*Data for this task:*
=== Section Start ===
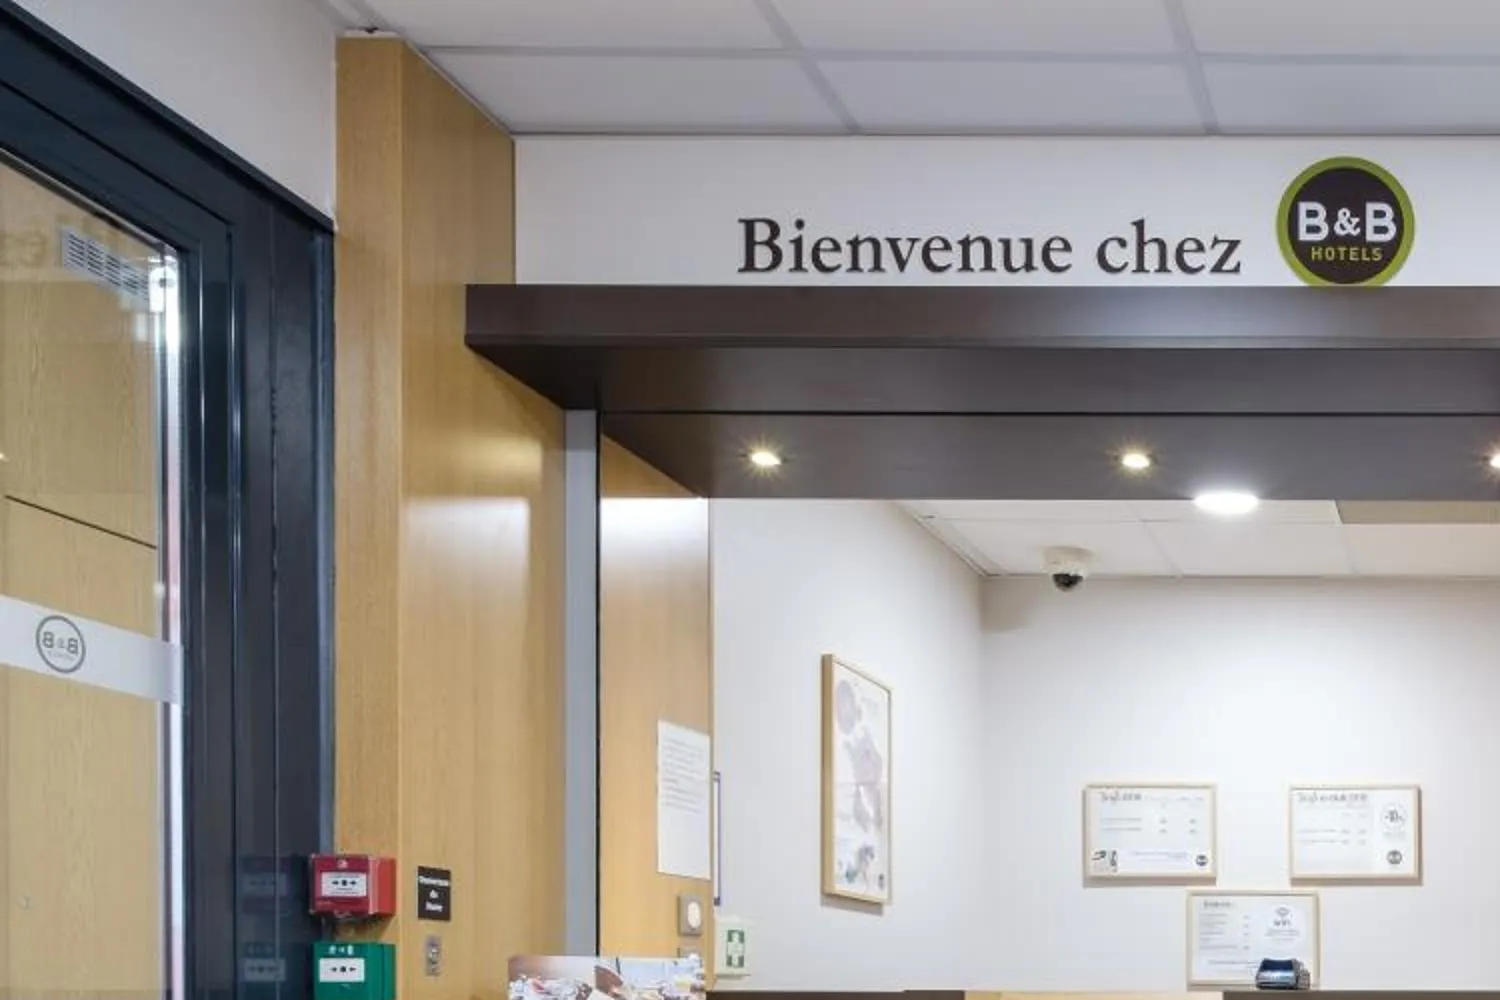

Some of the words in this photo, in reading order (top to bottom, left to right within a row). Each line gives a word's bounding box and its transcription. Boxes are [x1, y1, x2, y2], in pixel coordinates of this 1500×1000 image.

[1297, 202, 1397, 242] B&B
[737, 217, 1073, 273] Bienvenue
[1096, 219, 1241, 274] chez
[1310, 247, 1384, 262] HOTELS
=== Section End ===
*What is being asked:* Output the listing above exactly, excluding all pictures.

*Answer to this problem:*
Some of the words in this photo, in reading order (top to bottom, left to right within a row). Each line gives a word's bounding box and its transcription. Boxes are [x1, y1, x2, y2], in pixel coordinates of this 1500×1000 image.

[1297, 202, 1397, 242] B&B
[737, 217, 1073, 273] Bienvenue
[1096, 219, 1241, 274] chez
[1310, 247, 1384, 262] HOTELS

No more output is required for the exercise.